Electronauta de Juana la Loca

Sortie : 1993
Produit par Daniel Melero
Label : BMA


Juana la Loca est un groupe culte ! Ils incarnent à eux seuls toute la morgue et la fronde latine. Toujours classe, toujours frénétique, la formation phare de "La Movida Sonica" fait rêver tout passionné.

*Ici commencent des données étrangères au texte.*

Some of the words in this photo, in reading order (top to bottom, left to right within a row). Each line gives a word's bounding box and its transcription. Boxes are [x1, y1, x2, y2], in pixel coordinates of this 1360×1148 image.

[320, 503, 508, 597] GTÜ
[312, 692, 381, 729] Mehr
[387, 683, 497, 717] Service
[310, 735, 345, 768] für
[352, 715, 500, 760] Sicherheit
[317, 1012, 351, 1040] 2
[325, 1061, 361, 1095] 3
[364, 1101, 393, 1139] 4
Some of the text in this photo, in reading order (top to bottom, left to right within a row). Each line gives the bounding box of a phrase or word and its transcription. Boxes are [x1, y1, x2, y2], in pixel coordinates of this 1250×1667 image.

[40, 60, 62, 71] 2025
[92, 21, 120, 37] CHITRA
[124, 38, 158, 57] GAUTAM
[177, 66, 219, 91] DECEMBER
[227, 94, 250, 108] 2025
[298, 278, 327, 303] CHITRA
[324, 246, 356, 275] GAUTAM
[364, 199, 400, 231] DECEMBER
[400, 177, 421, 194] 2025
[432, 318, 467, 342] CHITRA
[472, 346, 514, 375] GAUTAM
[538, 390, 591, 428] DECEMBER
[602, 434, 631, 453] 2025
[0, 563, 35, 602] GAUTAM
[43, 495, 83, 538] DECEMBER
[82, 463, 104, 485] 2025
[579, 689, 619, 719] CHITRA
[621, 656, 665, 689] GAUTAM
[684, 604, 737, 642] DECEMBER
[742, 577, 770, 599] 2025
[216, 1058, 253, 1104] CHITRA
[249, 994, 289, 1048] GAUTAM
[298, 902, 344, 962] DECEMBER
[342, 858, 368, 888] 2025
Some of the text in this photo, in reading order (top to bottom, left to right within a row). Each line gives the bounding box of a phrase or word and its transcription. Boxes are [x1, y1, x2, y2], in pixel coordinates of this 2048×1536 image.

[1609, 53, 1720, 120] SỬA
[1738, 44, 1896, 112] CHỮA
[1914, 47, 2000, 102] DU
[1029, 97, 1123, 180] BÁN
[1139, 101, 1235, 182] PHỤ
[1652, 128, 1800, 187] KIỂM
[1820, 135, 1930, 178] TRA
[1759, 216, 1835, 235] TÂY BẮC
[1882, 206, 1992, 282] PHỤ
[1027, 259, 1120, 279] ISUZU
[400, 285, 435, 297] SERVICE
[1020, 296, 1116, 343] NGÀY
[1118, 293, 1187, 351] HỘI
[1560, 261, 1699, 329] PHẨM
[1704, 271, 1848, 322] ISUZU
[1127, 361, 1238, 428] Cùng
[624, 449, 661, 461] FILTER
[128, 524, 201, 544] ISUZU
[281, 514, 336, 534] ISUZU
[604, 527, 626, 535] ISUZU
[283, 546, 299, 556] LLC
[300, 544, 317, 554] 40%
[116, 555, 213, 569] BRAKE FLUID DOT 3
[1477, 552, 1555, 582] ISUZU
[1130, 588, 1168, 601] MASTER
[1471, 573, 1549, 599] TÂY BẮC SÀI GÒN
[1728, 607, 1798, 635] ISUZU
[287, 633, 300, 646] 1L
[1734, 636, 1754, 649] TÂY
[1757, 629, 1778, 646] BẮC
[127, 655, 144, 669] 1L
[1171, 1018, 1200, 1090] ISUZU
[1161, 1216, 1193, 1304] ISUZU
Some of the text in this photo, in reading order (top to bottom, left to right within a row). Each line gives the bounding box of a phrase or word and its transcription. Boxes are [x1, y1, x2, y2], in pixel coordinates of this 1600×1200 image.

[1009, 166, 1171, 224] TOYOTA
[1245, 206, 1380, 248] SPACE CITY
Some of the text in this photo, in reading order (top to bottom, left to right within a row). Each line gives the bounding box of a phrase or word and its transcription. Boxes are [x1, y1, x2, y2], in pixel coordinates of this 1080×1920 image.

Avec leurs titres punchy, directs et bouillonnant, comme « Ella dorada » ou « Lo más tierno hoy », presque aussi punk que les Ramones, les argentins justifient que le rock est toujours à la mode et sera toujours à la mode, quoiqu’il arrive, car le plaisir de jouer et de signer des mélodies accrocheuses est contagieuse. L’écriture, simple, lumineuse, maniant les saturations et les chants légèrement doux, met en évidence un talent furieux à l’origine de chansons comme on ne sait plus en faire. Le rythme artificiel (très madchester), mâtiné de distorsions de « Mercurio », ou celui du noir « Jalea de flor », qui fait penser à Curve ou Medicine, est la marque de l’affront. Ces musiciens qui osent avec la pop. On aurait pu dire que c’est finalement une formation banale, seulement cet album est une claque. Juana la Loca est un groupe qui dévoile une propension folle à signer des chansons impeccables, toujours à la limite de la saturation, de la simplicité et de la surprise. Sans se poser de questions, avec une insouciance rare, voilà que les guitares de « Cupido » deviennent magiques et évoque les Cure des années 80, voilà que « Pensando como langousta » se fait très vaporeux et délité, voilà que « Mi otoño es verde » ralentit la cadence, avec une basse très rampante, assez psyché, et se laisse recouvrir de distos, réverbs et saturations. Bon enfant et collant parfaitement avec l’air du temps en Argentine, le shoegaze de Juana la Loca est synonyme de la simplicité retrouvée. Une douceur adolescente maquillée sous des guitares saturées dans une enivrante envie de faire tourner les têtes comme les jupes. En écoutant une fois, dix fois, cent fois le refrain génial de « Ella con limones », on se plonge dans cette atmosphère unique, celle du souffle nouveau qui déferlait en Argentine, celle du bon rock indétronable, sûre de lui-même et de ses effets dévastateurs, à jamais inoubliables.